ZEISS Vision Care - Order Fulfillment

Relevant CNCF projects

Kubernetes

kubernetes logo

  • Using since: 2020
  • Current version: 1.32.3

Hosts > 200 microservices supporting order fulfillment processes on managed Kubernetes. Provides the core compute platform for containerized services.

Dapr

dapr logo

  • Using since: 2020
  • Current version: 1.17.0

Provides common building blocks like service invocation, pub/sub, and state management across microservices; vendor-neutral abstractions enable portability across cloud providers.

KEDA

keda logo

  • Using since: 2021/2022
  • Current version: 2.19.0

Event-driven scaling. KEDA acts as an event-driven scaler; examples of triggers include message-broker queue depth and resource utilization.

OpenTelemetry

opentelemetry logo

  • Using since: 2020
  • Current version: Collector Contrib 0.145.0

Provides consistent instrumentation and exports telemetry to multiple targets.

Helm

helm logo

  • Using since: 2020

Package management and templating for Kubernetes deployments.

Organization

ZEISS Vision Care produces spectacle lenses, instruments for refraction, and glasses adjustment equipment. Often, lenses are manufactured to an individual consumer’s prescription, effectively a batch size of one, which makes order fulfillment a multi-step coordination process.

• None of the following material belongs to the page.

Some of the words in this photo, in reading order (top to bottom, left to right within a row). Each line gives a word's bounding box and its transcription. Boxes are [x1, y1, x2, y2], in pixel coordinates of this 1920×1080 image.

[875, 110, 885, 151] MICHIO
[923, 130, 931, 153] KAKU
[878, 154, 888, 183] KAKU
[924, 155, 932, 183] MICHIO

Our Business Enablement & IT team develops, designs, and operates the order fulfillment platform that underpins this process.

Synopsis

We are reworking the order fulfillment process using a greenfield approach to modernize core systems. Our goal is a reliable, scalable platform that can evolve with business needs while remaining cost-efficient. The platform supports several key capabilities:

  • Order routing: decide where the order should be produced.
  • Order document generation: generate the necessary manufacturing and shipping documents for the order.
  • Logistics routing: decide how to ship the order to the customer.
  • Additional auxiliary domains as required.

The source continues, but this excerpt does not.